What if all of the parents that ever parented an adopted child actually united in honor of the adopted child's first parents? What if we all united in honor of one another? Gasp! What a concept. How remarkable would that be?
It is powerful when a group presumed to have more power than another group acts, works, speaks, struggles in unison with the less powerful group. There is something that makes you take notice when groups with seemingly disparate interests band together in the name of a just and worthy cause. That has been the case in political, economic, religious, and social conflicts. Could the same thing happen among adoptive, foster, biological and other mothers of adopted children?
I am an adoptive mother and very proud to be one. I have no regrets and no apologies to make to anyone about choosing to add to my family through adoption. But my daughters had two other mothers before I ever came on the scene. The woman who gave birth to them will always be their mother. Their real mother. The incredible therapeutic foster mother who raised both of them from the moment the first one came home from the hospital and then the second one a year later will always be their mother. Their real mother.
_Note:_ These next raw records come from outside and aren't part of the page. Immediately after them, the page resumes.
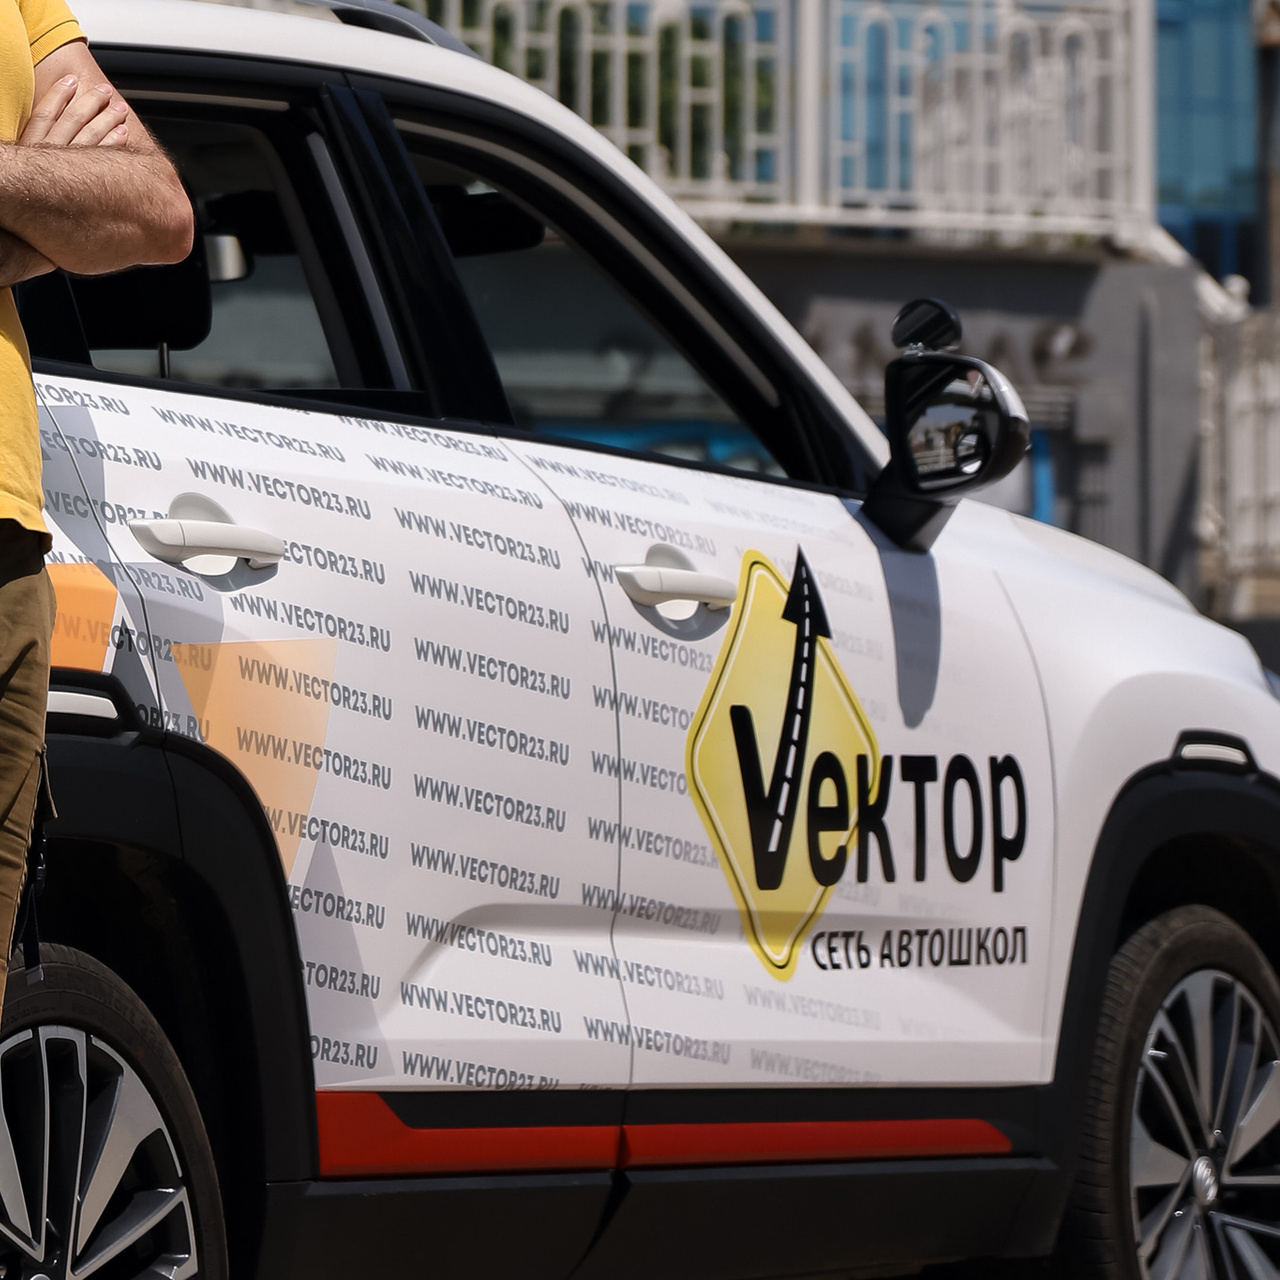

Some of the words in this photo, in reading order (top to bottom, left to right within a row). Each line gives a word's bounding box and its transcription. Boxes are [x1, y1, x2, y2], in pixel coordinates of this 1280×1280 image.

[151, 406, 346, 463] WWW.VECTOR23.RU
[185, 457, 372, 521] WWW.VECTOR23.RU
[365, 453, 544, 510] WWW.VECTOR23.RU
[394, 507, 562, 570] WWW.VECTOR23.RU
[230, 593, 392, 653] WWW.VECTOR23.RU
[409, 570, 570, 635] WWW.VECTOR23.RU
[239, 656, 393, 721] WWW.VECTOR23.RU
[414, 637, 571, 700] WWW.VECTOR23.RU
[236, 726, 392, 790] WWW.VECTOR23.RU
[415, 705, 570, 766] WWW.VECTOR23.RU
[414, 773, 567, 833] WWW.VECTOR23.RU
[410, 842, 561, 900] WWW.VECTOR23.RU
[406, 911, 553, 967] WWW.VECTOR23.RU
[811, 931, 871, 970] СЕТЬ
[880, 925, 1028, 968] АВТОШКОЛ
[573, 950, 724, 1001] WWW.VECTOR23.RU
[400, 981, 563, 1034] WWW.VECTOR23.RU
[583, 1016, 732, 1065] WWW.VECTOR23.RU
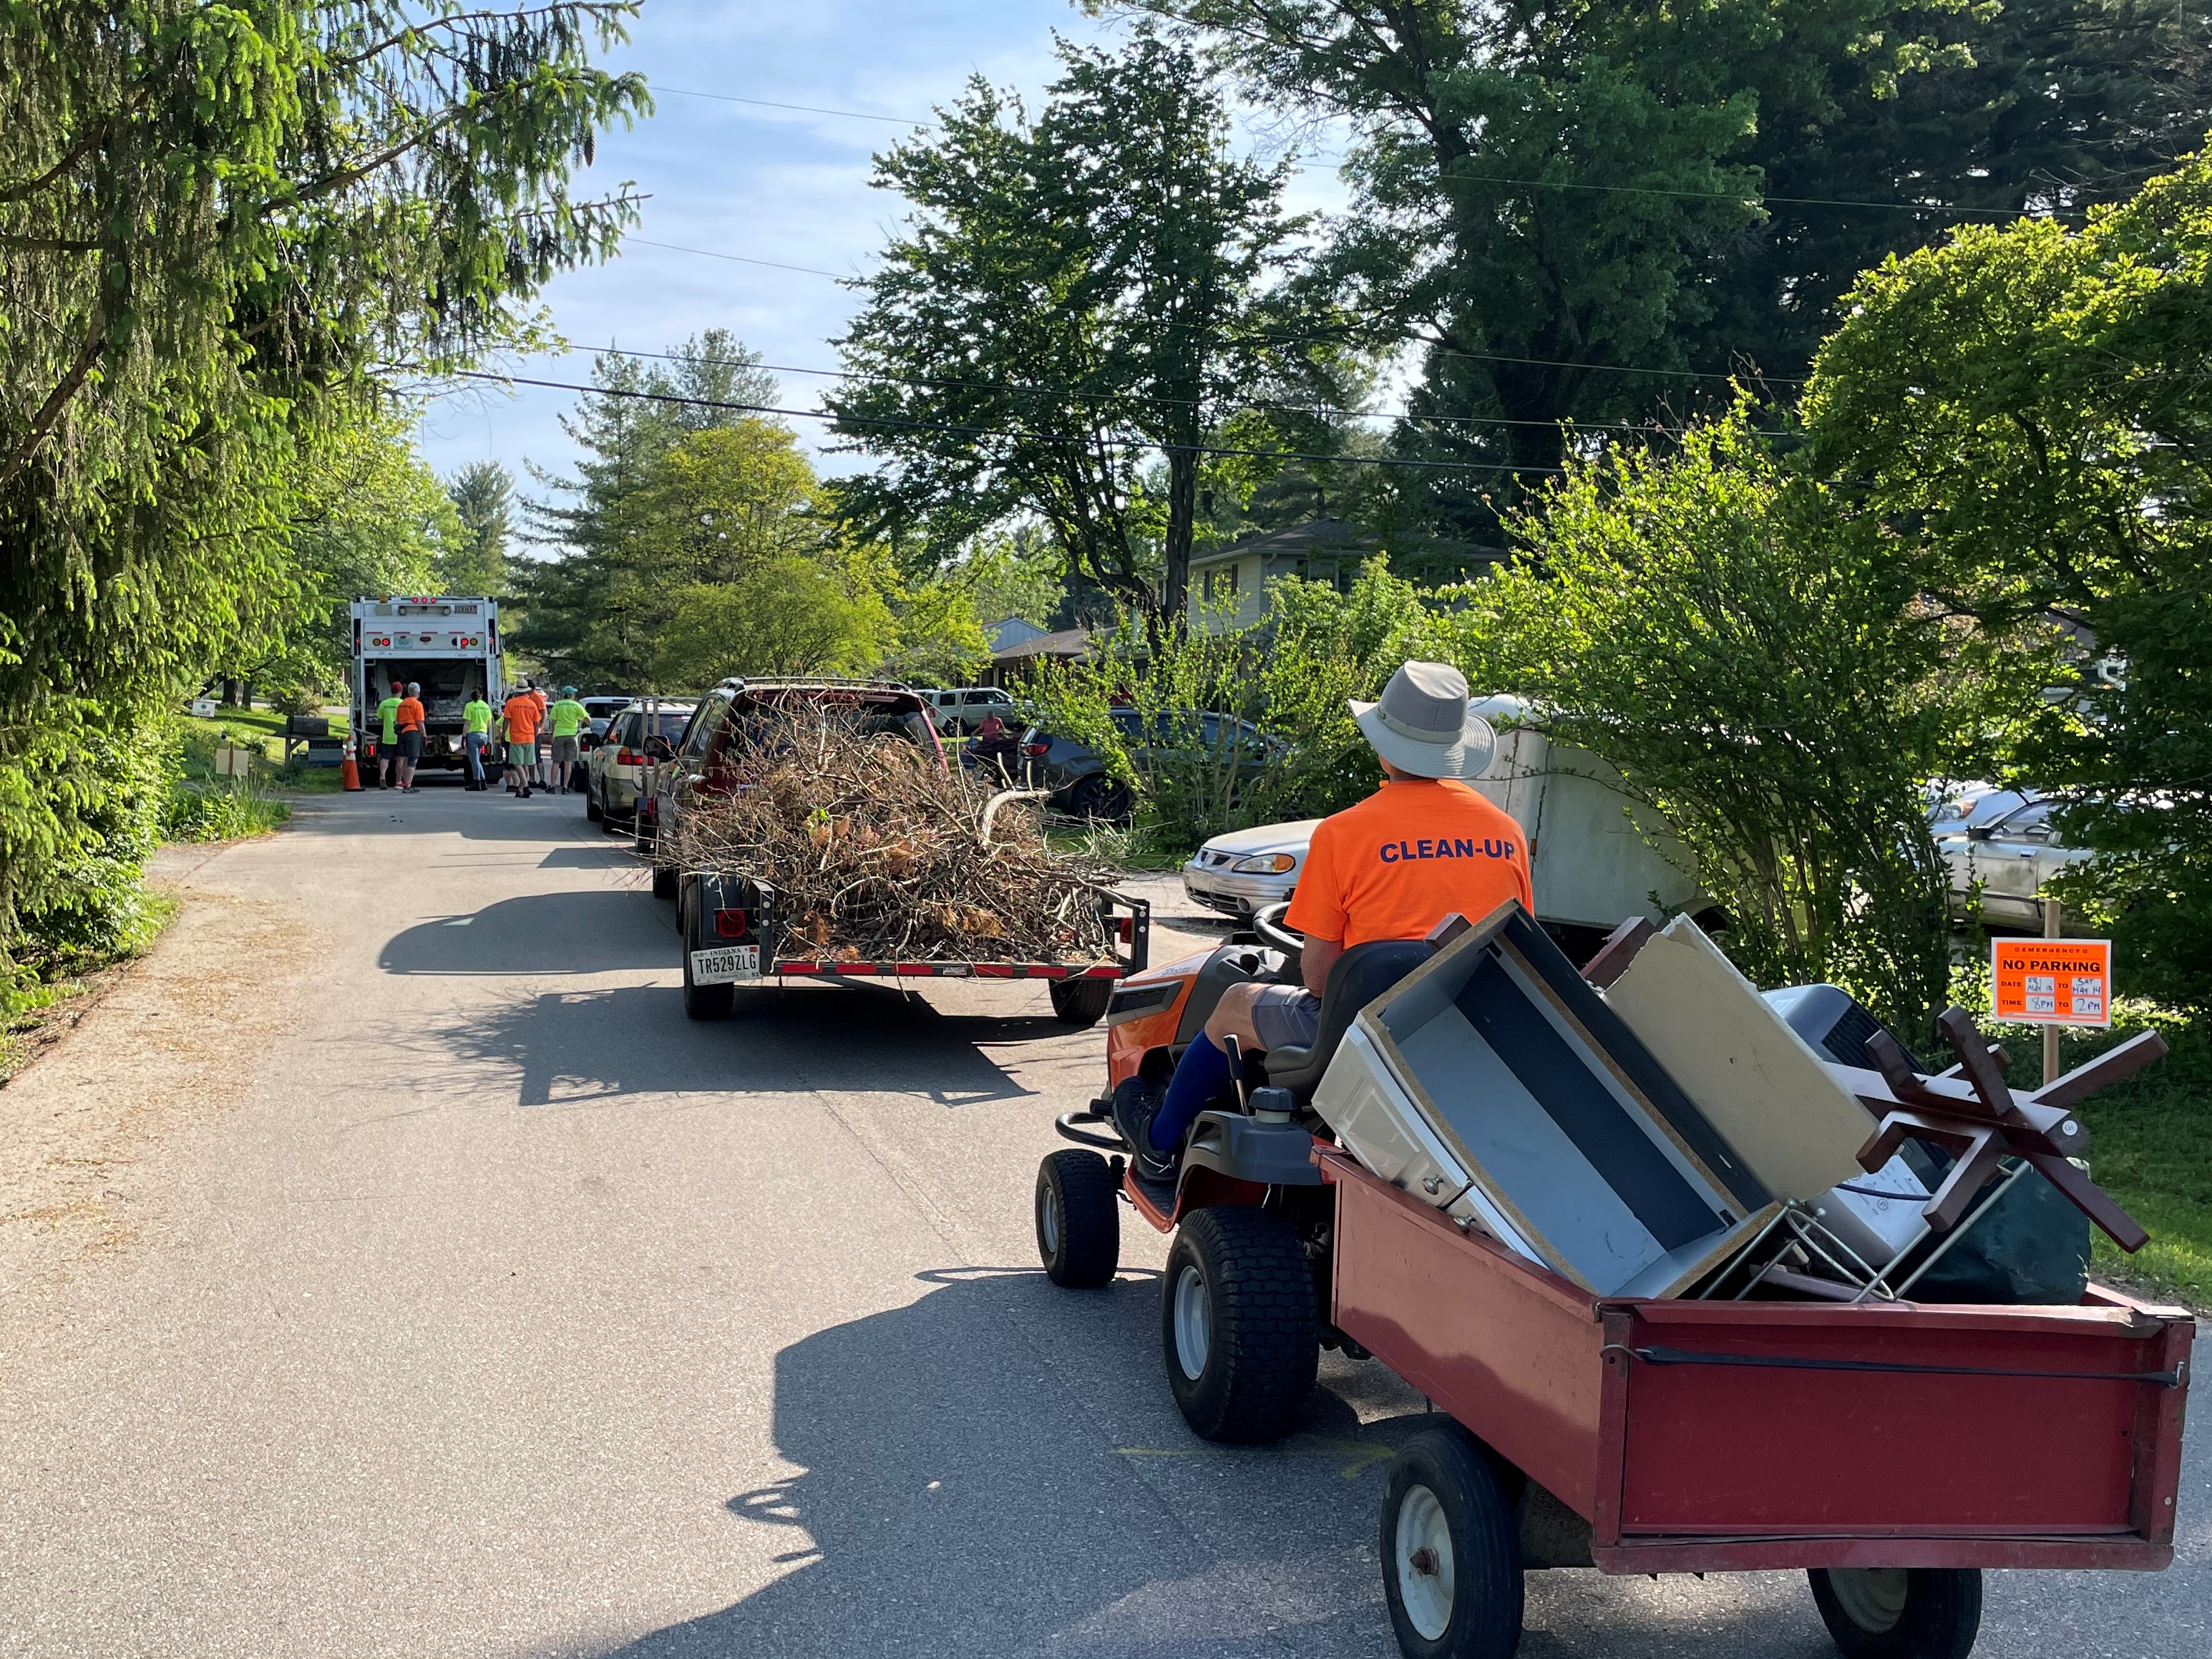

And make no mistake about it,
I will always be their mother. Their real mother.
In the current popular literature there is this manufactured squabble going on that has been termed "The Mommy Wars" between stay at home moms (SAHM) and working mothers. The whole thought of mothers going at each other's throats like this is appalling to me and I have written about it
elsewhere. There is a current movement afoot to put an end to the Mommy Wars. You can read about it
here.
I haven't figured it out yet, but I think it would be great if we started a grass roots movement to end the mommy war that exists among all the mothers of adopted children. How could a child have too much love? Can someone answer that for me?
I am an African-American woman and I am a descendant of enslaved Africans whose famlies were split asunder and reformed time and again with strangers acting as mothers and fathers to children they did not even know. All of my children share this legacy as well. There was a time when African-American women were mothers and mother figures to
all of America's children (and even their parents), particularly in the South. Of course, that is now an incendiary racial stereotype; still, it was a reality. I know there must be other cultures where children were raised and loved by many mothers either because of circumstance or by choice. All mothers...are real mothers. Can't we lower our defenses and our weapons long enough to see that in one another's eyes?